The troubled legacy of Mikhail Gorbachev Despised in his homeland: Gorbachev's presidential bid was soundly rejected by Russian voters who do not share the West's adulation for the Nobel prize winner and father of "glasnost" and "perestroika."

June 23, 1996|By Hal Piper

AND IN SEVENTH place, with half a percent of the vote . . . Mikhail Sergeyevich Gorbachev.

Seventh place? Half a percent?

Six years ago Gorbachev was master of the world's second superpower and of a nuclear arsenal capable of ending human life on the planet. He won the Nobel Peace Prize and was Time magazine's Man of the Decade. And now 199 out of every 200 voters want someone else for president. Gorbachev has become an Unperson -- just like all those people who were written out of history by Stalin's purges. At the Army Language School in California many years ago, new encyclopedia pages were sent from Moscow, containing an expanded article on the Bering Sea and instructions to tear out the page containing the biography of the newly disgraced secret-police chief Lavrenty P. Beria.

And now poor Gorbachev is being written out of history without even the formality of a revised encyclopedia entry. What a ridiculous outcome for the man who transformed his country and the world.

Have we forgotten that Gorbachev delivered us from the Cold War? Sure, give George F. Kennan ("containment strategy") credit. Give Ronald Reagan ("Evil Empire") credit. They won the Cold War, too, and so did a lot of people in between, including European statesmen, notably those of Britain and West Germany.

What was finally necessary was for a Soviet leader to recognize that the status quo would not hold, and to negotiate for a safe way out. That was what Mikhail Gorbachev did.

We were suspicious, of course -- but not only us. Gorbachev's own Politburo was far more suspicious than we were. The stakes were higher in Moscow. If Gorbachev was a smooth-talking deceiver, it didn't matter so much to us, for we were already mobilized for Cold War. On the other hand, if he did mean what he said, it was the end of the Soviet Union.

And so it proved to be. Don't listen to those silly, well-intentioned Americans who say nobody won the Cold War. Our national life has hardly changed since Gorbachev came to power in 1985. The Soviet world has turned upside-down. In fact, there is no Soviet world any longer. And that, of course, is why Mikhail Gorbachev is an Unperson today in his homeland.

Nothing in Gorbachev's background would have suggested that he would be a reformer. Indeed, if there had been a hint of unorthodoxy in his resume in those stagnant Brezhnev days, he would never have been raised to the Soviet Politburo in 1978.

He was a curiosity, a stripling of 47 in a gerontocracy of septuagenarians. He was saddled with the make-or-break agriculture portfolio. We foreign correspondents in Moscow at the time figured that he must be either an incandescent genius or a sacrificial lamb. Collectivized agriculture was a huge embarrassment to scientific socialism and the reliable terminator of political careers.

It took seven years for Leonid I. Brezhnev and the other septuagenarians to die off before Gorbachev came to power.

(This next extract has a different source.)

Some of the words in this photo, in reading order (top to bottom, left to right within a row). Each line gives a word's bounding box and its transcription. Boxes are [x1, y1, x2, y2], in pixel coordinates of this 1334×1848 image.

That was in March 1985. By December 1991, he was gone. Yet how much happened in six years!

The Cold War ended. We no longer fear nuclear war. We no longer scuffle in the Third World for influence, propping up corrupt dictators as bulwarks against opposing superpowers.

"Glasnost" -- frankness -- gave Soviet people permission to tell the truth. Americans, accustomed to saying any damn-fool thing that pops into their heads, cannot appreciate what this meant in Russia after 70 years of Communist repression. Conversation became free. History became open to inquiry instead of a political bludgeon. Honest artistic criticism became possible. Failure could be admitted and analyzed.

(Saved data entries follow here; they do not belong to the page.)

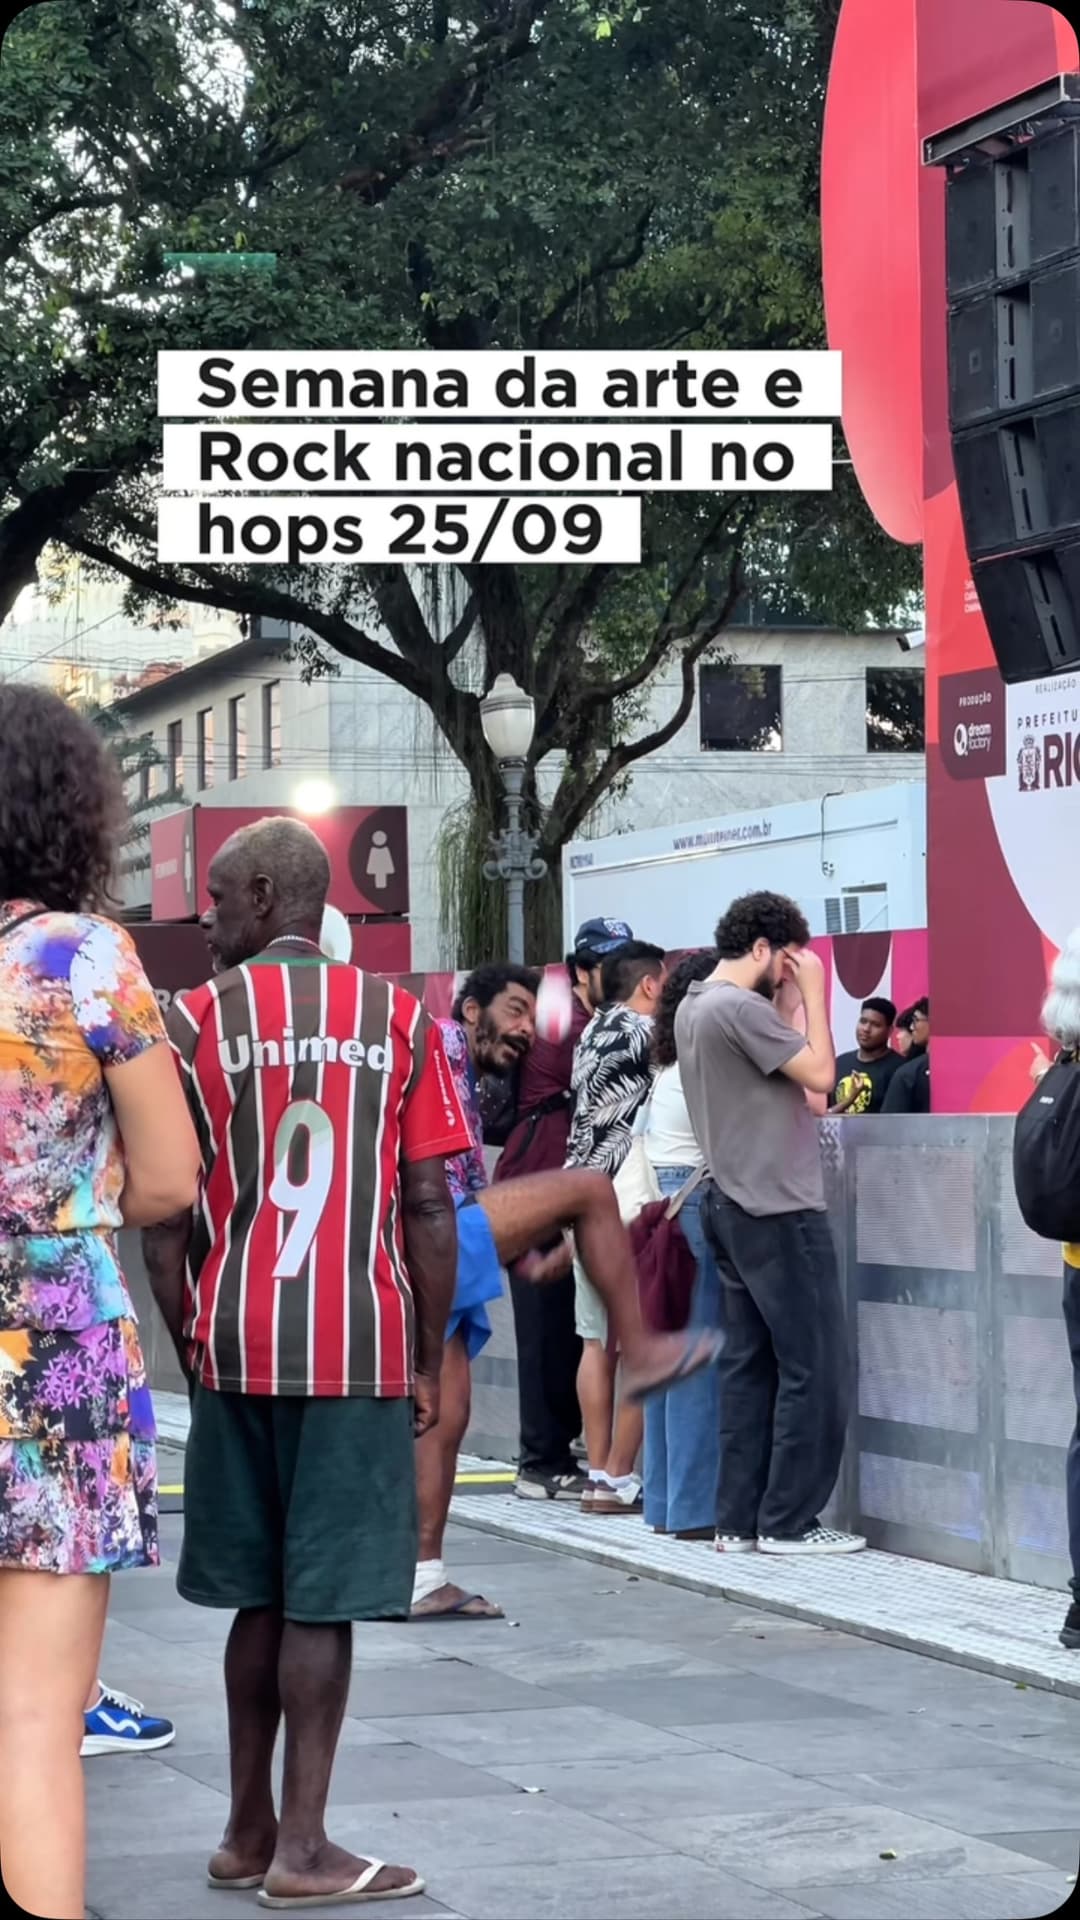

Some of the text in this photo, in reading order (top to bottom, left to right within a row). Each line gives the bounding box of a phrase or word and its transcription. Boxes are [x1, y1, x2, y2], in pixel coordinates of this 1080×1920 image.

[1017, 709, 1078, 729] PREFEITU
[217, 1027, 393, 1074] Unimed
[268, 1098, 334, 1278] 9
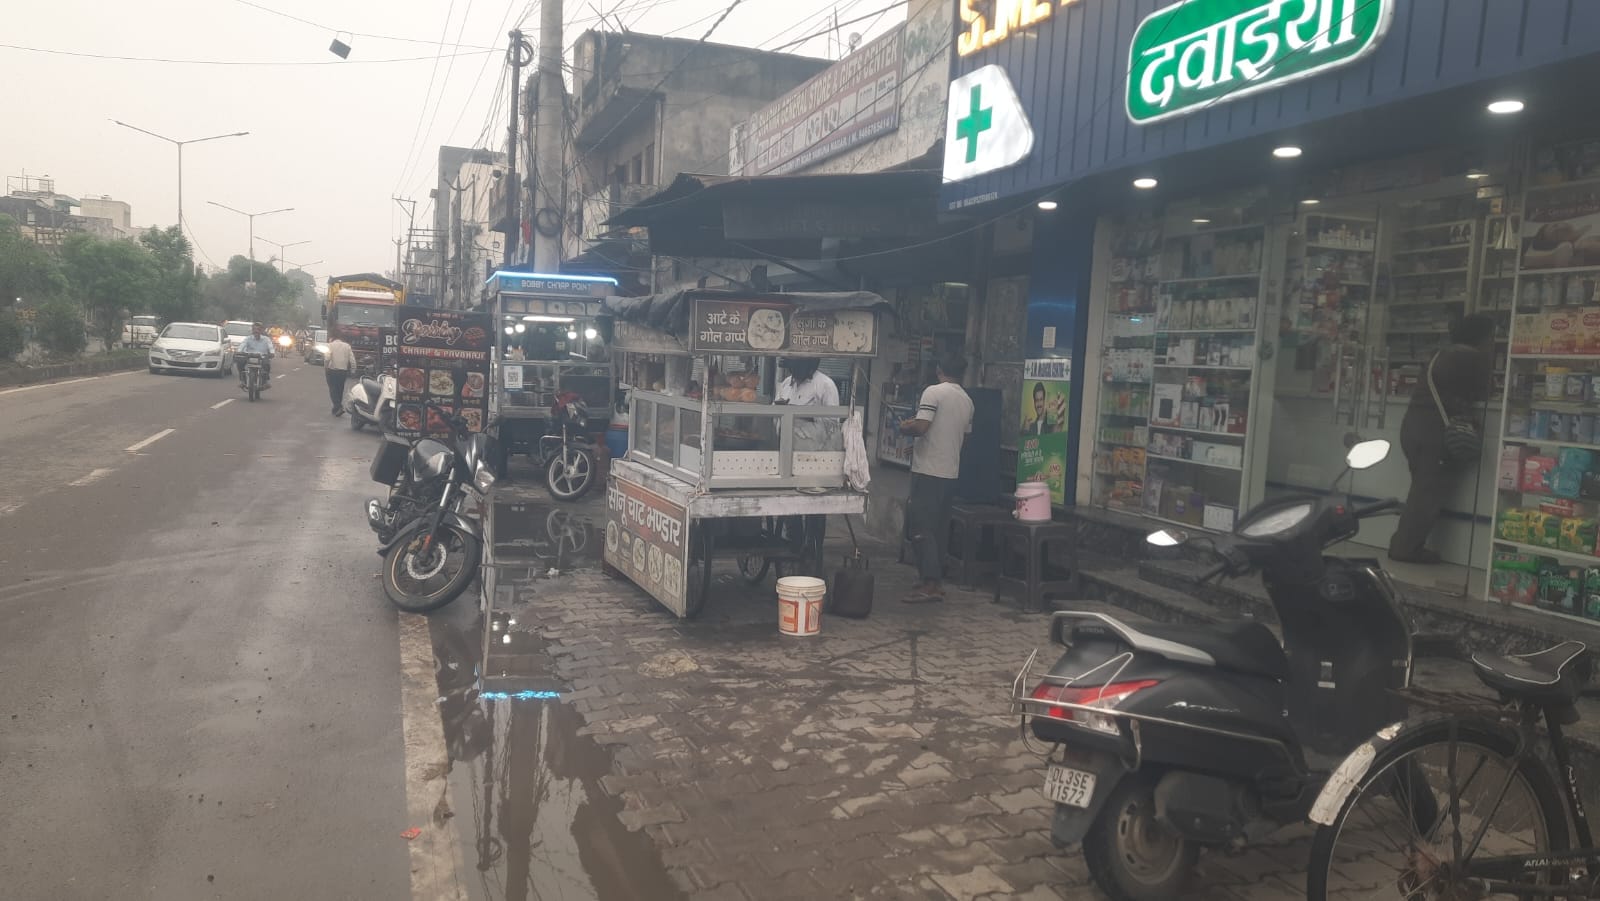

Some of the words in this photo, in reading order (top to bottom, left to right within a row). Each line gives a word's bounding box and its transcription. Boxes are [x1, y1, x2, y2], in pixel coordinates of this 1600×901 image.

[809, 77, 831, 108] STORE
[521, 280, 545, 289] BOBBY
[706, 310, 727, 325] आटे
[729, 310, 741, 325] के
[700, 327, 722, 343] गोल
[724, 329, 746, 343] गप्पे
[627, 496, 646, 526] चाट
[646, 506, 682, 547] भण्डार
[1052, 767, 1090, 791] DL3SE

And if failure could be admitted and analyzed, then alternatives might be tried. "Perestroika" meant the rebuilding, or restructuring, of the Soviet system. Experience now became as important as ideological theory. If nobody wanted to buy some product, it could be discontinued instead of treated as an element of price stability.

Finally, the Soviet Union went out of business. It had been a mighty empire. Now its vassal states -- Poland, Czechoslovakia, Hungary, Romania and Bulgaria -- gained the freedom to go their own ways. The captive nations -- Estonia, Latvia, Lithuania, Ukraine and the various Caucasian and Central Asian territories -- gained self-determination.

Gorbachev's achievement was not what he planned. He intended a thorough-going reform that would strengthen the Soviet Union, not destroy it. Perhaps it was mere inadvertence that created a safer world and a reformed Russia, that promoted political honesty and banished fear. Whatever, we'll take it. Our longings were satisfied. Of course we respect Gorbachev.

But his own people don't. To them, Gorbachev upset Soviet stability and stripped them of their self-respect. And if he did it by inadvertence, well, even worse.